**Task item**:
Return the data below exactly, minus the pictures.

**Information**:
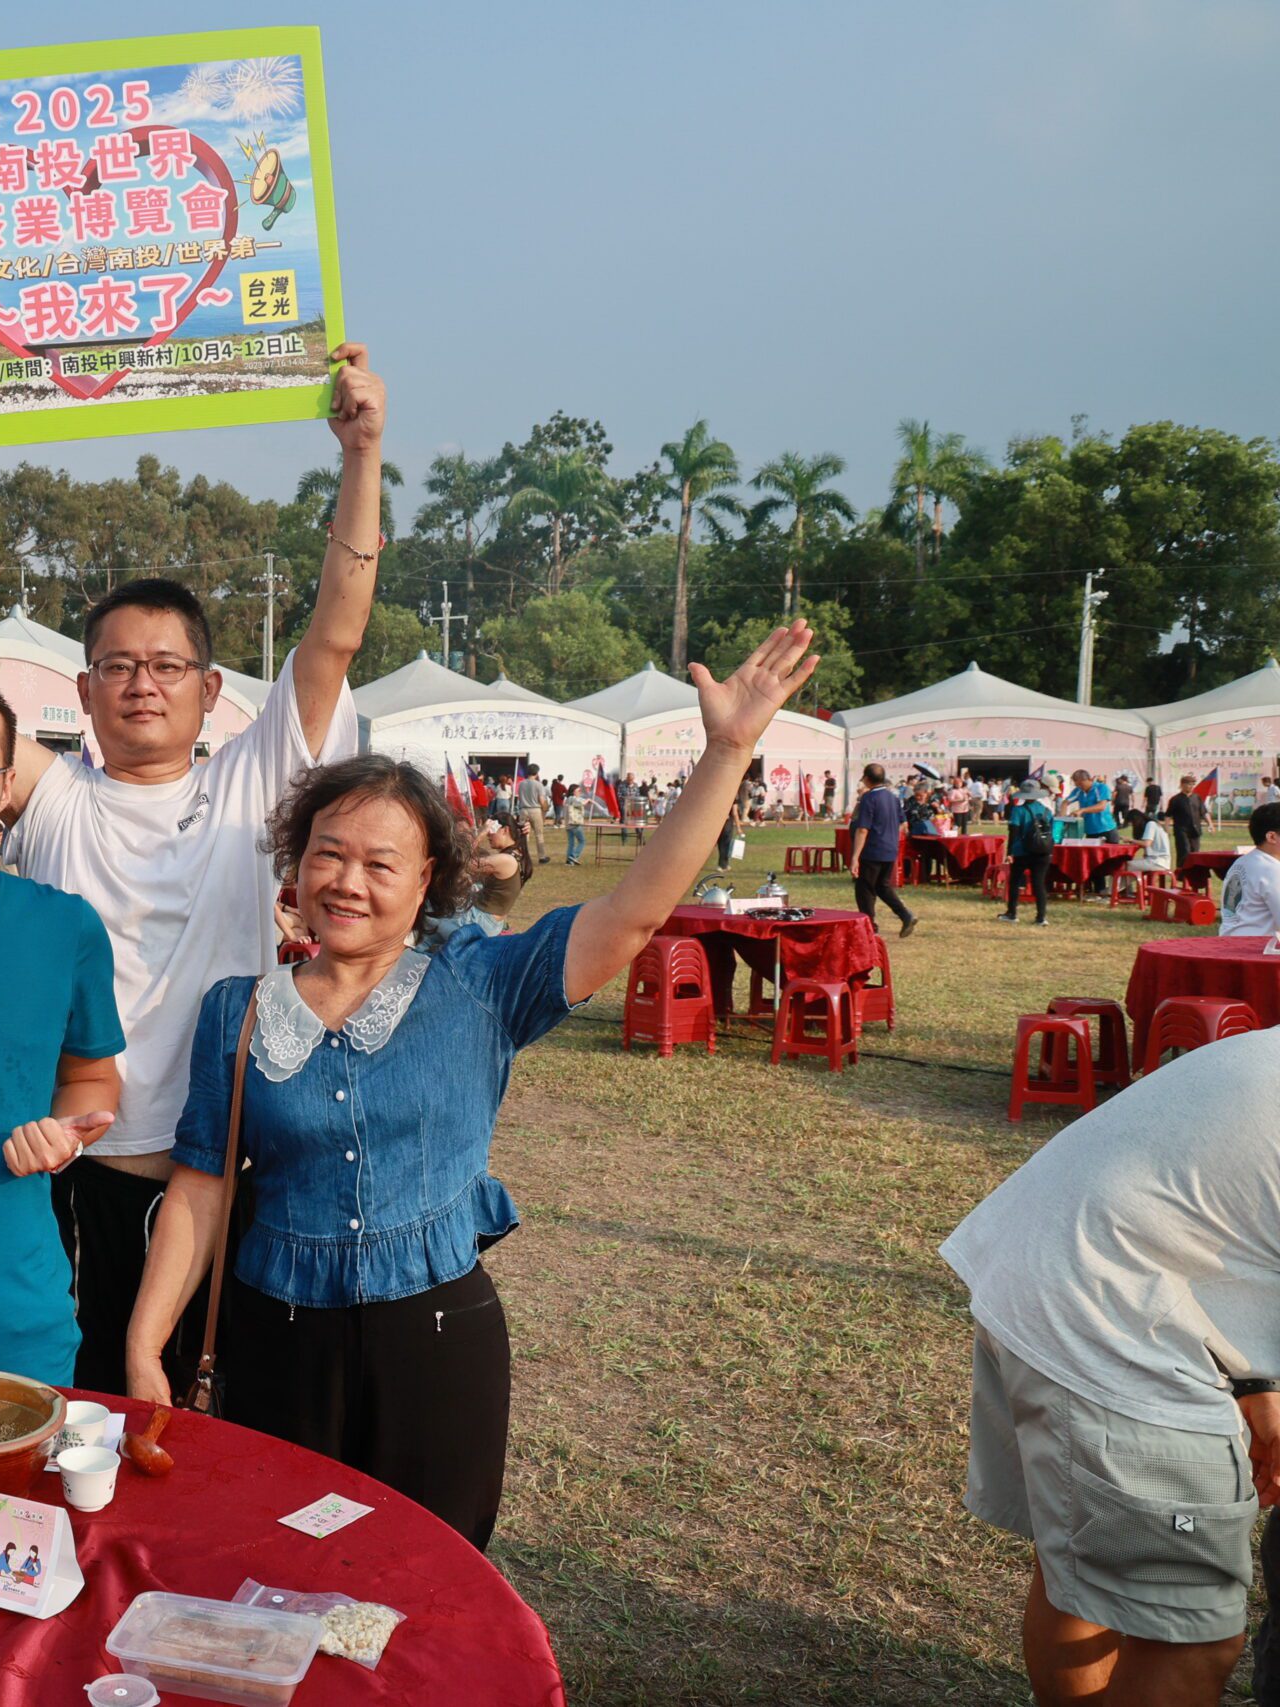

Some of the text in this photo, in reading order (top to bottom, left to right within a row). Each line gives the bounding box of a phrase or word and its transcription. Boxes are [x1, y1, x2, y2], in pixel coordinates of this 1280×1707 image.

[13, 82, 151, 133] 2025
[249, 276, 289, 298] 台灣
[249, 297, 290, 317] 之光
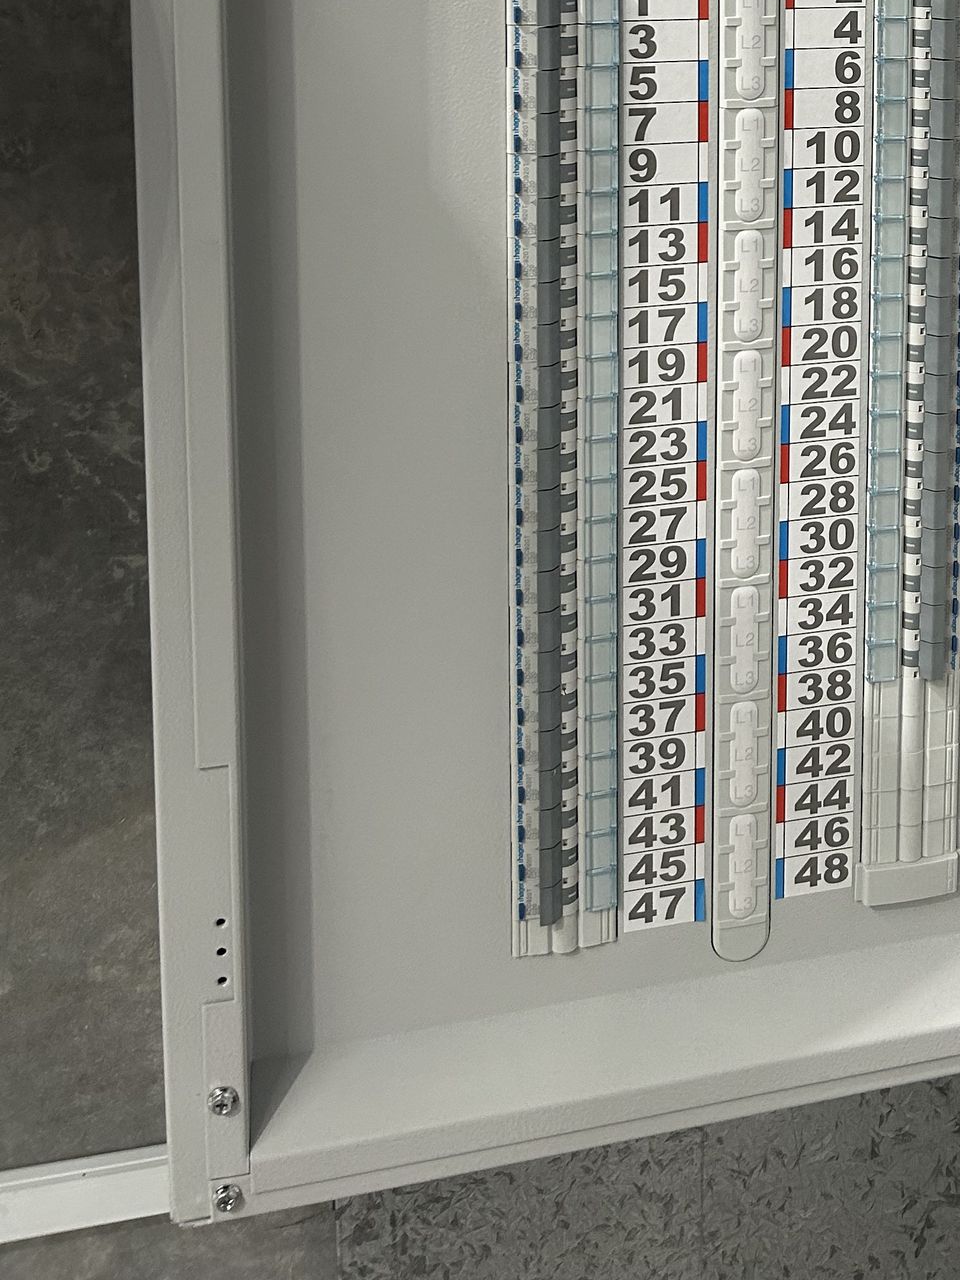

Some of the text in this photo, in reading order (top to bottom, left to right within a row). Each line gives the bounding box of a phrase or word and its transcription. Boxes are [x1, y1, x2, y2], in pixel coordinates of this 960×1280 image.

[629, 25, 656, 59] 3
[742, 36, 760, 50] L2
[834, 11, 861, 43] 4
[629, 66, 657, 100] 5
[741, 77, 759, 91] L3
[835, 51, 861, 84] 6
[835, 91, 860, 123] 8
[629, 108, 656, 141] 7
[742, 119, 759, 132] L1
[807, 130, 860, 164] 10
[629, 149, 656, 182] 9
[741, 158, 760, 172] L2
[807, 170, 859, 203] 12
[629, 188, 679, 223] 11
[741, 199, 759, 212] L3
[805, 209, 859, 243] 14
[629, 228, 685, 263] 13
[741, 239, 758, 252] L1
[805, 248, 858, 281] 16
[629, 268, 685, 303] 15
[740, 279, 758, 293] L2
[805, 287, 857, 320] 18
[629, 308, 685, 344] 17
[739, 320, 758, 333] L3
[802, 326, 857, 361] 20
[629, 348, 685, 383] 19
[740, 360, 756, 373] L1
[802, 365, 856, 400] 22
[629, 388, 681, 424] 21
[739, 399, 757, 412] L2
[800, 403, 856, 439] 24
[629, 428, 687, 464] 23
[738, 439, 756, 452] L3
[800, 442, 855, 478] 26
[629, 467, 687, 504] 25
[800, 481, 854, 516] 28
[629, 507, 687, 544] 27
[800, 519, 854, 553] 30
[629, 546, 686, 582] 29
[800, 557, 853, 592] 32
[629, 584, 680, 621] 31
[798, 594, 853, 630] 34
[629, 624, 686, 660] 33
[798, 632, 852, 667] 36
[629, 662, 685, 698] 35
[798, 670, 851, 705] 38
[629, 699, 685, 736] 37
[797, 707, 851, 741] 40
[629, 738, 685, 774] 39
[796, 744, 850, 777] 42
[629, 775, 680, 810] 41
[795, 780, 850, 814] 44
[629, 813, 686, 848] 43
[795, 817, 849, 850] 46
[629, 849, 686, 885] 45
[795, 853, 848, 887] 48
[629, 887, 685, 923] 47
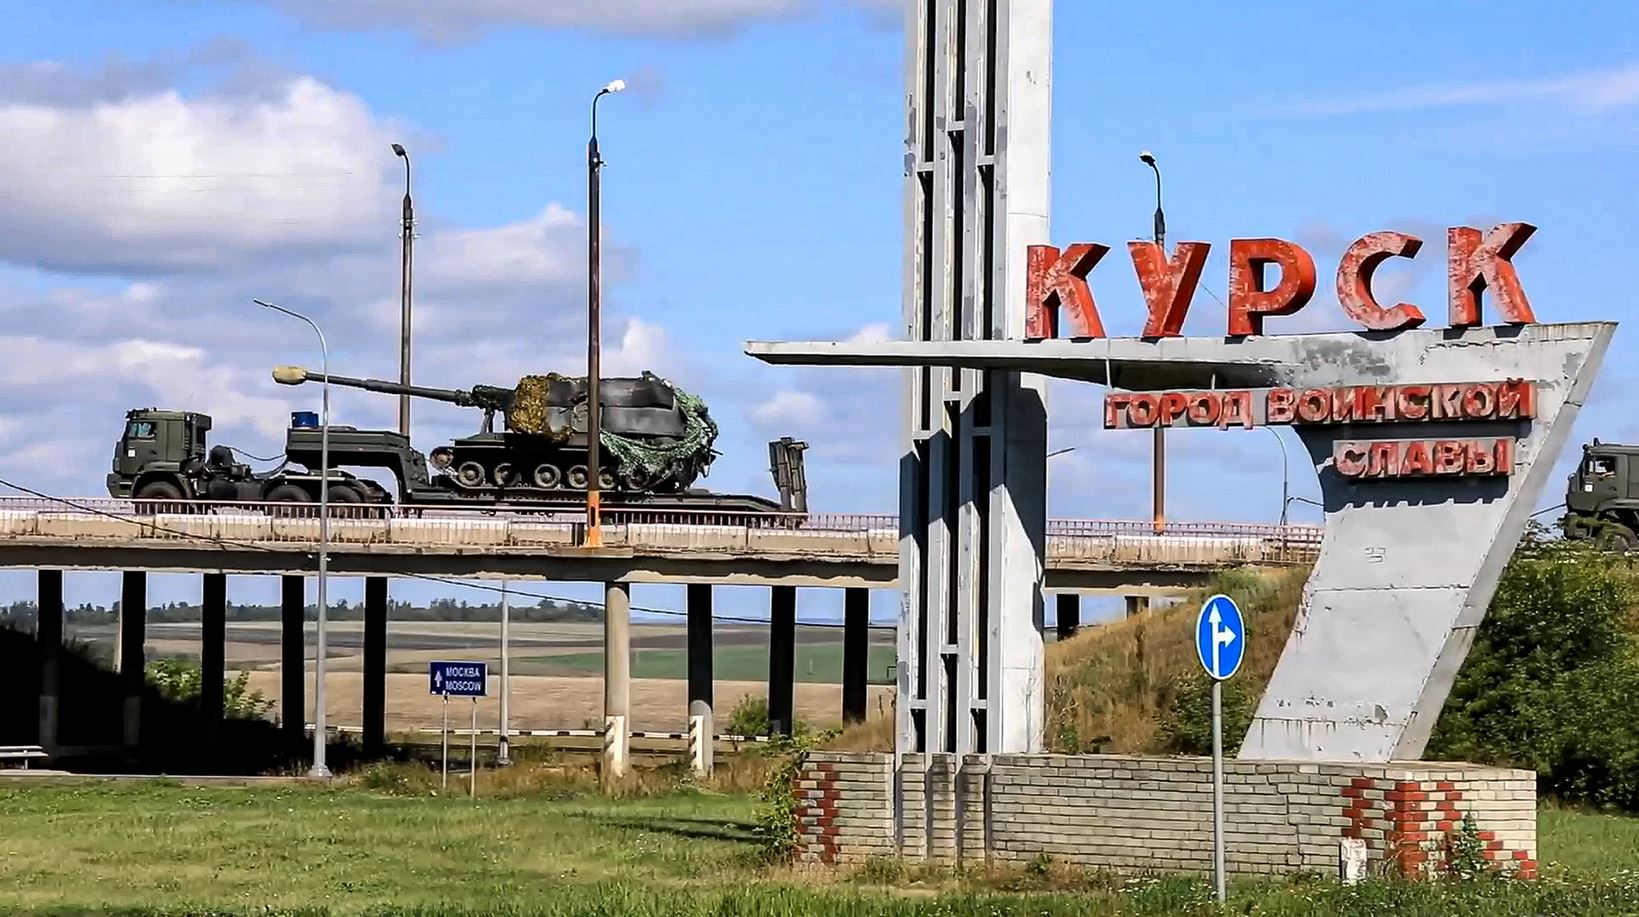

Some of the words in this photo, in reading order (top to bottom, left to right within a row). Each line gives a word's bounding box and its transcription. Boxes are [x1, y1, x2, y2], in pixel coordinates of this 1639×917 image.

[1026, 221, 1537, 339] КУРСК
[1104, 390, 1254, 430] ГОРОД
[1266, 378, 1534, 424] ВОИНСКОЙ
[1335, 438, 1512, 477] СЛАВЫ
[445, 680, 481, 691] MOSCOW
[446, 667, 480, 677] МОСКВА
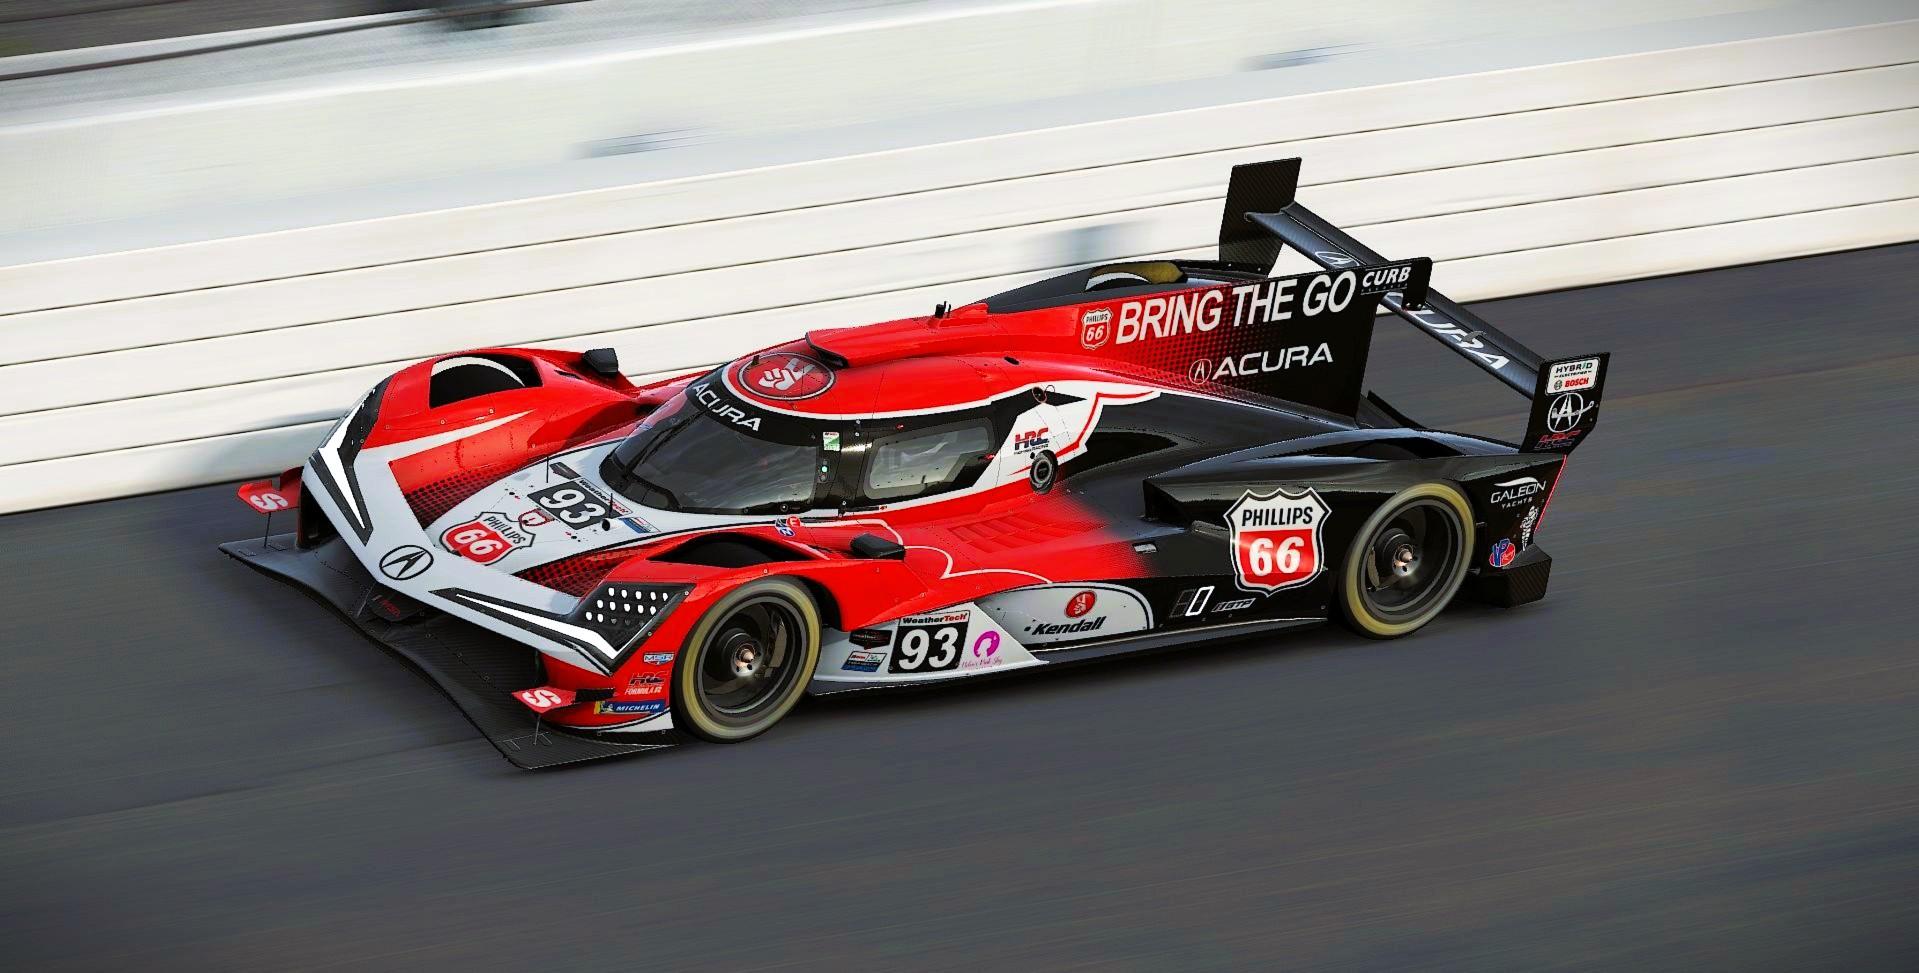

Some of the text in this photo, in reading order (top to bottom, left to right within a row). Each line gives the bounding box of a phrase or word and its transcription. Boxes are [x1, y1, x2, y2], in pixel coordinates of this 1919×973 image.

**Written response**:
Some of the text in this photo, in reading order (top to bottom, left to right within a row). Each line gives the bounding box of a phrase or word and its transcription. Boxes are [x1, y1, x2, y2], in pixel coordinates of this 1280×1707 image.

[13, 82, 151, 133] 2025
[249, 276, 289, 298] 台灣
[249, 297, 290, 317] 之光

Some of the text in this photo, in reading order (top to bottom, left to right within a row). Each line gives the bounding box of a phrase or word and its transcription. Boxes are [x1, y1, x2, y2], in pixel coordinates of this 960×1280 image.

[629, 25, 656, 59] 3
[742, 36, 760, 50] L2
[834, 11, 861, 43] 4
[629, 66, 657, 100] 5
[741, 77, 759, 91] L3
[835, 51, 861, 84] 6
[835, 91, 860, 123] 8
[629, 108, 656, 141] 7
[742, 119, 759, 132] L1
[807, 130, 860, 164] 10
[629, 149, 656, 182] 9
[741, 158, 760, 172] L2
[807, 170, 859, 203] 12
[629, 188, 679, 223] 11
[741, 199, 759, 212] L3
[805, 209, 859, 243] 14
[629, 228, 685, 263] 13
[741, 239, 758, 252] L1
[805, 248, 858, 281] 16
[629, 268, 685, 303] 15
[740, 279, 758, 293] L2
[805, 287, 857, 320] 18
[629, 308, 685, 344] 17
[739, 320, 758, 333] L3
[802, 326, 857, 361] 20
[629, 348, 685, 383] 19
[740, 360, 756, 373] L1
[802, 365, 856, 400] 22
[629, 388, 681, 424] 21
[739, 399, 757, 412] L2
[800, 403, 856, 439] 24
[629, 428, 687, 464] 23
[738, 439, 756, 452] L3
[800, 442, 855, 478] 26
[629, 467, 687, 504] 25
[800, 481, 854, 516] 28
[629, 507, 687, 544] 27
[800, 519, 854, 553] 30
[629, 546, 686, 582] 29
[800, 557, 853, 592] 32
[629, 584, 680, 621] 31
[798, 594, 853, 630] 34
[629, 624, 686, 660] 33
[798, 632, 852, 667] 36
[629, 662, 685, 698] 35
[798, 670, 851, 705] 38
[629, 699, 685, 736] 37
[797, 707, 851, 741] 40
[629, 738, 685, 774] 39
[796, 744, 850, 777] 42
[629, 775, 680, 810] 41
[795, 780, 850, 814] 44
[629, 813, 686, 848] 43
[795, 817, 849, 850] 46
[629, 849, 686, 885] 45
[795, 853, 848, 887] 48
[629, 887, 685, 923] 47

Some of the words in this photo, in reading order (top to bottom, left to right within a row). Each line gives a word's bounding box and its transcription. Boxes are [x1, y1, x2, y2], in pixel coordinates of this 1639×917 image.

[1026, 221, 1537, 339] КУРСК
[1104, 390, 1254, 430] ГОРОД
[1266, 378, 1534, 424] ВОИНСКОЙ
[1335, 438, 1512, 477] СЛАВЫ
[445, 680, 481, 691] MOSCOW
[446, 667, 480, 677] МОСКВА

Some of the text in this photo, in reading order (top to bottom, left to right within a row). Each line gives the bounding box of a phrase or word and its transcription. Boxes are [x1, y1, x2, y2], in pixel coordinates of this 1919×973 image.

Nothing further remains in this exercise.